Grover’s algorithm data snapshot
Quantum Approximate Optimization Algorithm (QAOA)
Some potential applications of QAOA include: Finding the shortest path between two points in a network; solving problems in machine learning and artificial intelligence; optimizing financial portfolios; scheduling tasks and resources; designing experiments; planning routes for vehicles.
Quantum counting
Quantum counting can be used to count the number of qubits in a quantum computer, as well as the number of photons in an optical fiber.
Quantum counting data snapshot
Quantum Fourier Transform
Quantum Fourier Transform can be used for quantum state estimation, quantum state tomography, quantum process tomography, and quantum error correction.
Quantum Fourier Transform data snapshot
Quantum phase estimation
Quantum phase estimation can be used to estimate the eigenvalues of a unitary operator. This can be used to find the energy of a quantum system, or to find the time it takes for a quantum system to evolve.
Quantum phase estimation data snapshot
Quantum walk search algorithm
There are many potential applications for the quantum walk search algorithm. Some examples include: Searching for a specific item in a large database; finding a needle in a haystack; navigating through a maze; optimizing routes in transportation networks.
Quantum walk search algorithm data snapshot
Shor’s algorithm
Shor’s algorithm is a quantum algorithm for integer factorization created by Peter Shor in 1994. It is the most efficient known classical algorithm for this problem, with a running time of polynomial in the size of the integer to be factored. However, it is not known how to implement Shor’s algorithm on a quantum computer in less than exponential time.

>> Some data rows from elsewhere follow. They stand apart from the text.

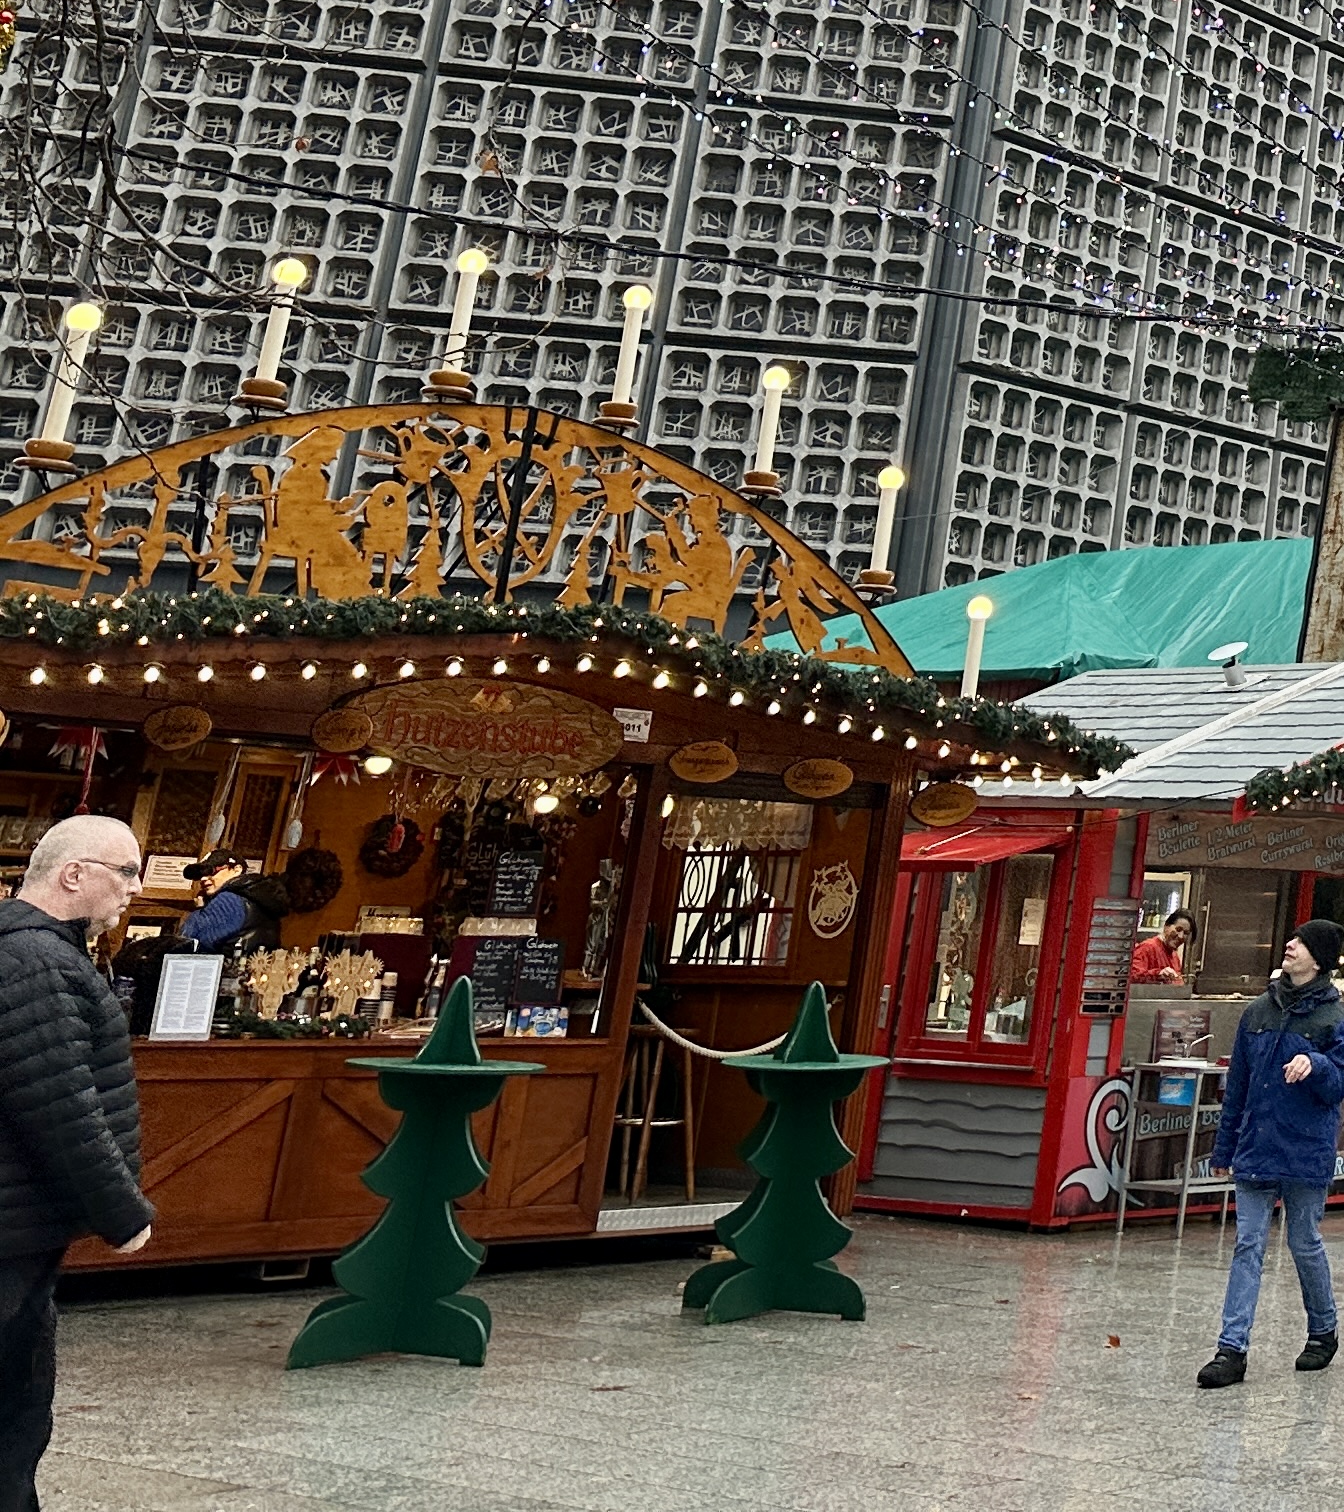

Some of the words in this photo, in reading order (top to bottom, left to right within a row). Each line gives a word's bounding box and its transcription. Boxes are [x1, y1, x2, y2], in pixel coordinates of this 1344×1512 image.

[623, 722, 642, 733] 011
[1157, 820, 1200, 841] Berliner
[1266, 825, 1306, 846] Berliner
[1158, 836, 1201, 858] Boulette
[1207, 835, 1257, 861] Bratwurst
[1260, 837, 1314, 864] Currywurst
[1139, 1110, 1193, 1135] Berline

Shor’s algorithm data snapshot
Simon’s algorithm
Simon’s algorithm is a quantum algorithm for finding the period of a function. It can be used to factor integers and to find the order of an element in a finite group.
Simon’s algorithm data snapshot
Variational quantum eigensolver algorithm (VQE)
Some potential applications of the VQE algorithm include: Finding the ground state energy of a quantum system; optimizing quantum circuits; solving quantum many-body problems; performing quantum chemistry calculations.